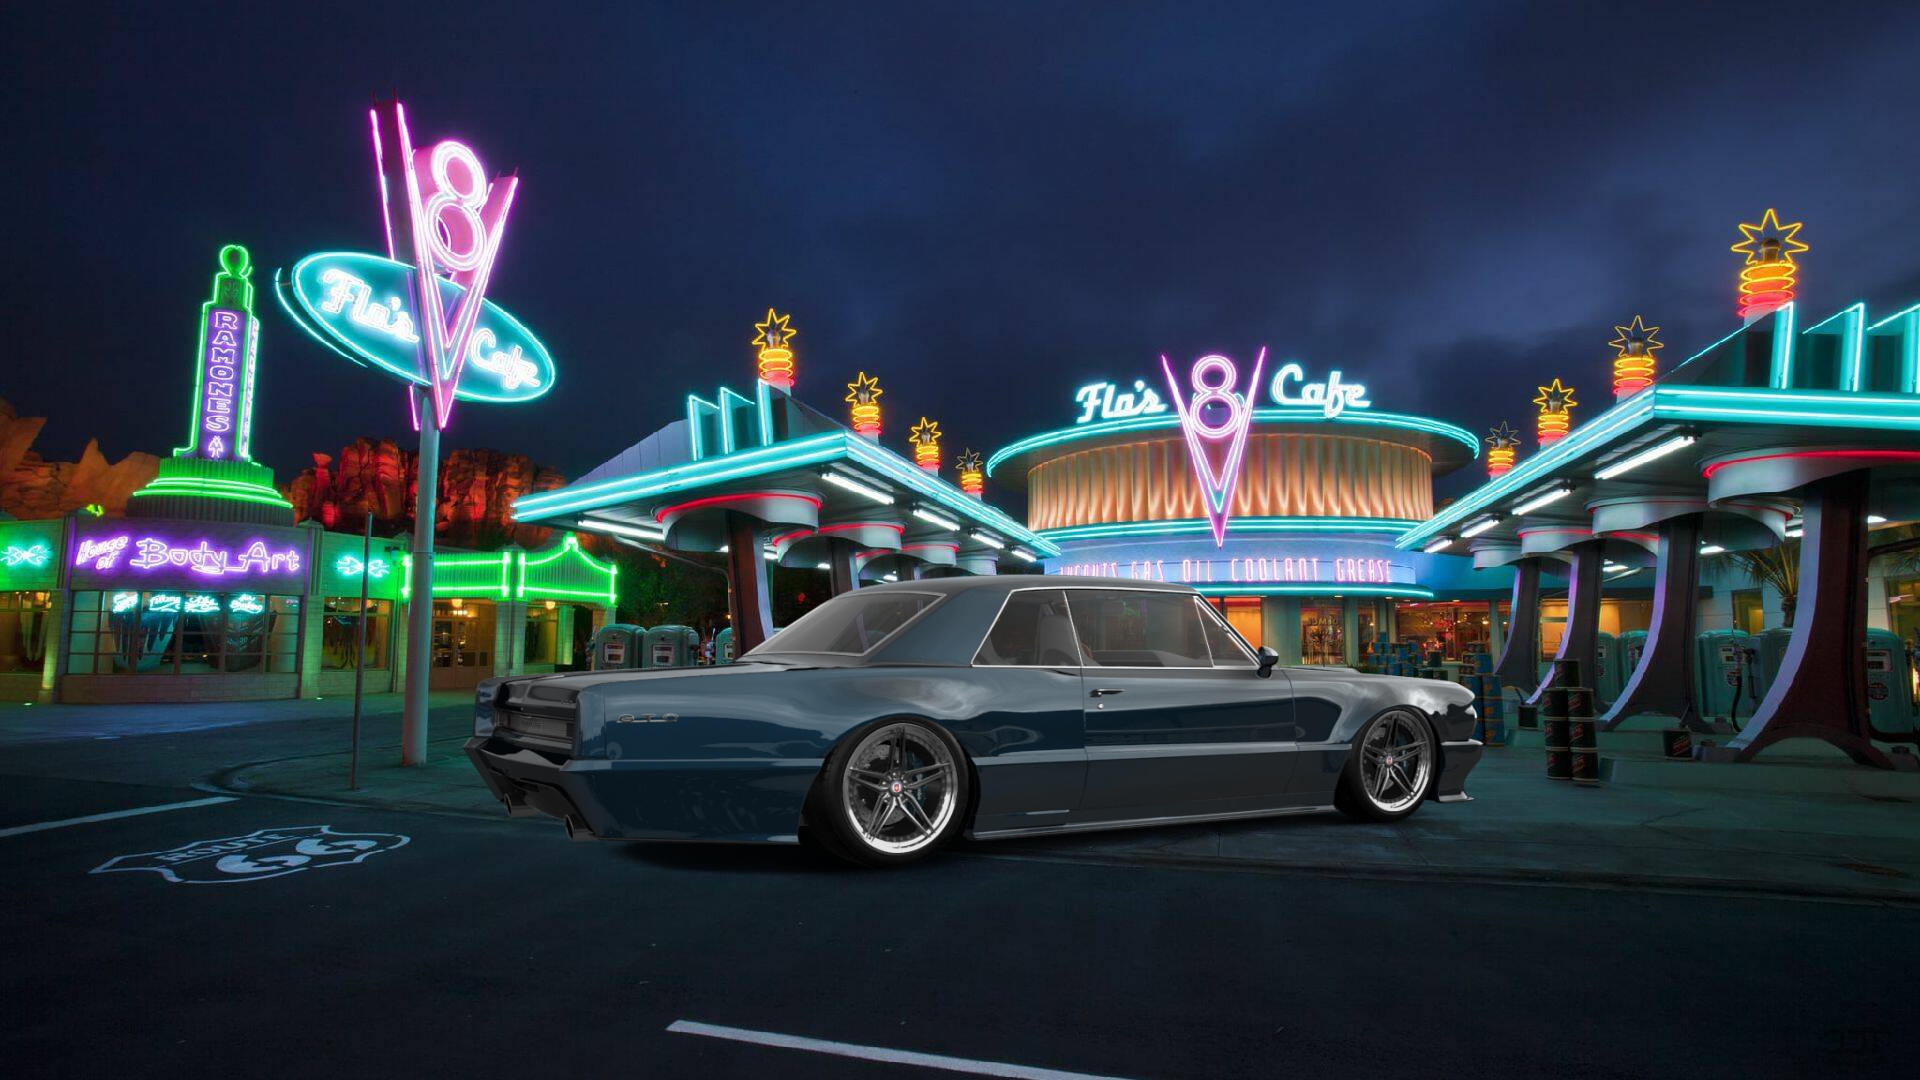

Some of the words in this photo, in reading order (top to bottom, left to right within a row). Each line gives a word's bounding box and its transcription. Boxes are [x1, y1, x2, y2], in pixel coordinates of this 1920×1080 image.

[321, 268, 420, 343] Flo's
[470, 327, 541, 390] Cafe
[205, 311, 238, 432] RAMONES
[1075, 379, 1169, 424] Flo's
[1271, 363, 1371, 418] Cafe
[75, 537, 129, 565] House
[95, 550, 118, 570] of
[130, 538, 226, 574] Body
[237, 541, 300, 573] Art
[1131, 560, 1165, 582] GAS
[1182, 559, 1213, 582] OIL
[1231, 557, 1320, 583] COOLANT
[1335, 558, 1393, 583] GREASE
[617, 713, 679, 723] GTO
[154, 833, 294, 862] ROUTE
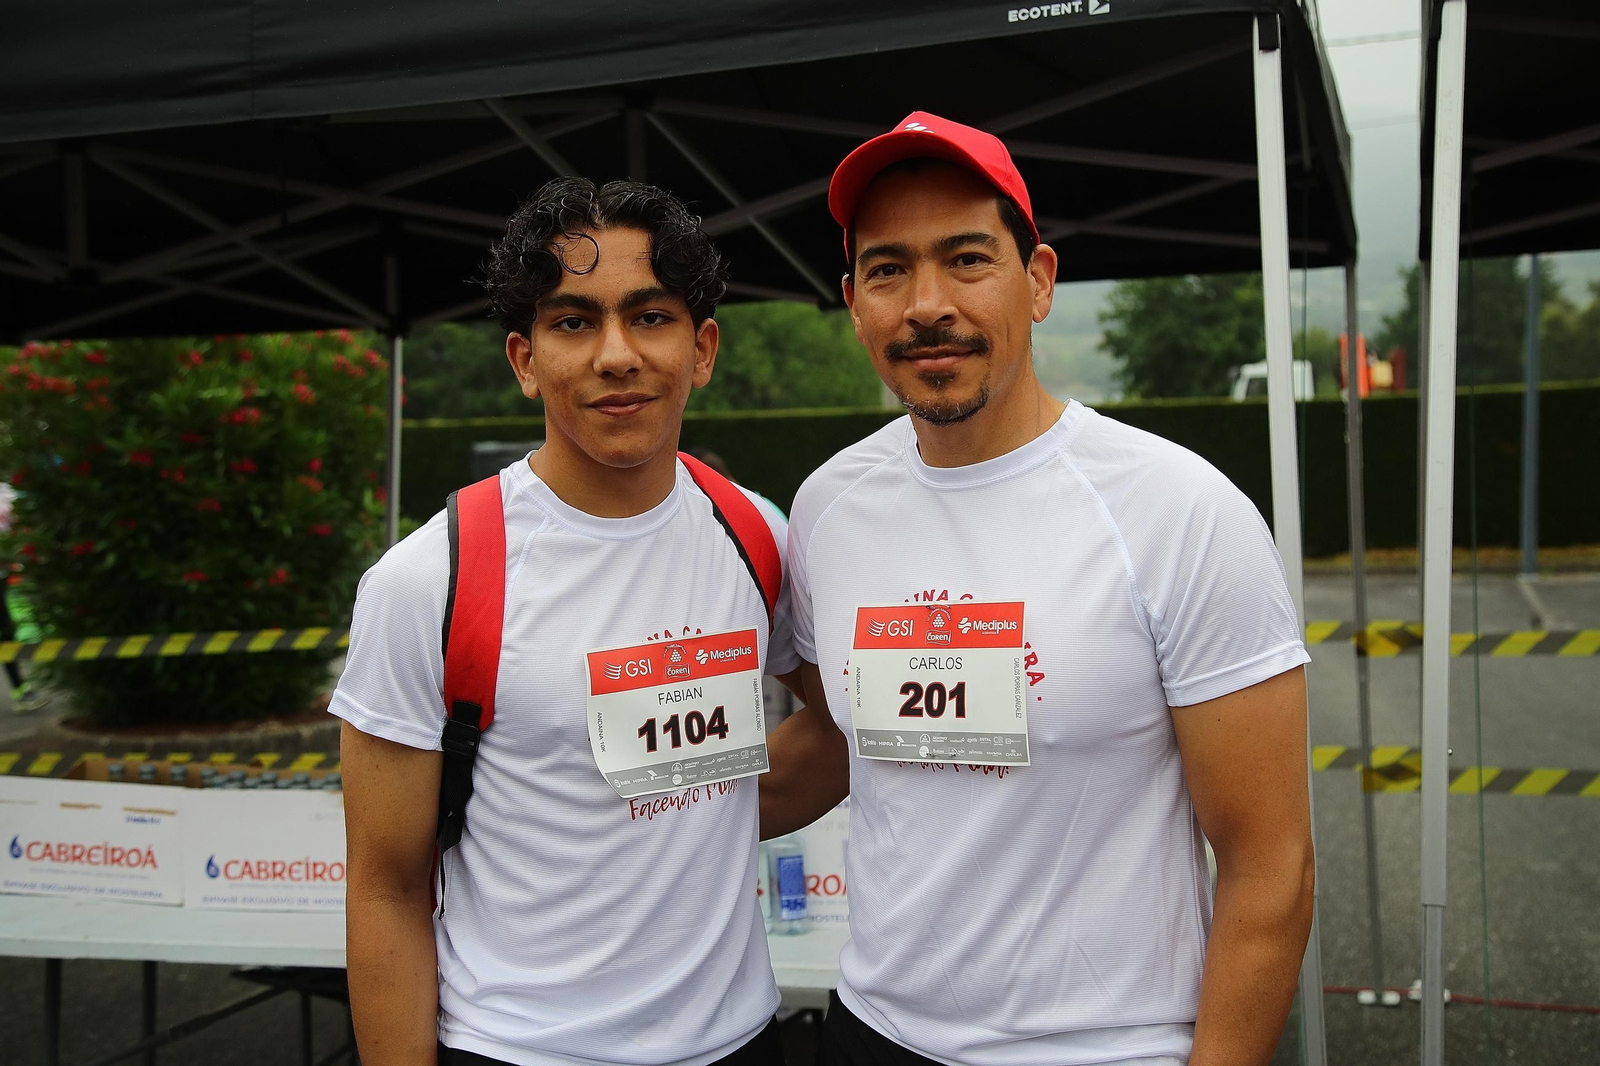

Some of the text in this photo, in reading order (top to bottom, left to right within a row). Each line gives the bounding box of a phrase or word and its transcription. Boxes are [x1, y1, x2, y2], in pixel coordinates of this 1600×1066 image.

[887, 619, 914, 637] GSI
[973, 620, 1017, 634] Mediplus
[710, 646, 752, 660] Mediplus
[625, 658, 653, 678] GSI
[909, 656, 963, 670] CARLOS
[658, 686, 703, 705] FABIAN
[898, 681, 967, 719] 201
[637, 705, 729, 753] 1104
[629, 787, 700, 820] Facendo

[What you have to do] The listing above should be transcribed word for word, with its pictures left out.

[Exercise answer]
Some of the words in this photo, in reading order (top to bottom, left to right within a row). Each line gives a word's bounding box and its transcription. Boxes are [x1, y1, x2, y2], in pixel coordinates of this 1920×1080 image.

[321, 268, 420, 343] Flo's
[470, 327, 541, 390] Cafe
[205, 311, 238, 432] RAMONES
[1075, 379, 1169, 424] Flo's
[1271, 363, 1371, 418] Cafe
[75, 537, 129, 565] House
[95, 550, 118, 570] of
[130, 538, 226, 574] Body
[237, 541, 300, 573] Art
[1131, 560, 1165, 582] GAS
[1182, 559, 1213, 582] OIL
[1231, 557, 1320, 583] COOLANT
[1335, 558, 1393, 583] GREASE
[617, 713, 679, 723] GTO
[154, 833, 294, 862] ROUTE

Some of the text in this photo, in reading order (top to bottom, left to right within a row). Each line gives the bounding box of a phrase or word and its transcription. Boxes are [x1, y1, x2, y2], in pixel coordinates of this 1600×1066 image.

[887, 619, 914, 637] GSI
[973, 620, 1017, 634] Mediplus
[710, 646, 752, 660] Mediplus
[625, 658, 653, 678] GSI
[909, 656, 963, 670] CARLOS
[658, 686, 703, 705] FABIAN
[898, 681, 967, 719] 201
[637, 705, 729, 753] 1104
[629, 787, 700, 820] Facendo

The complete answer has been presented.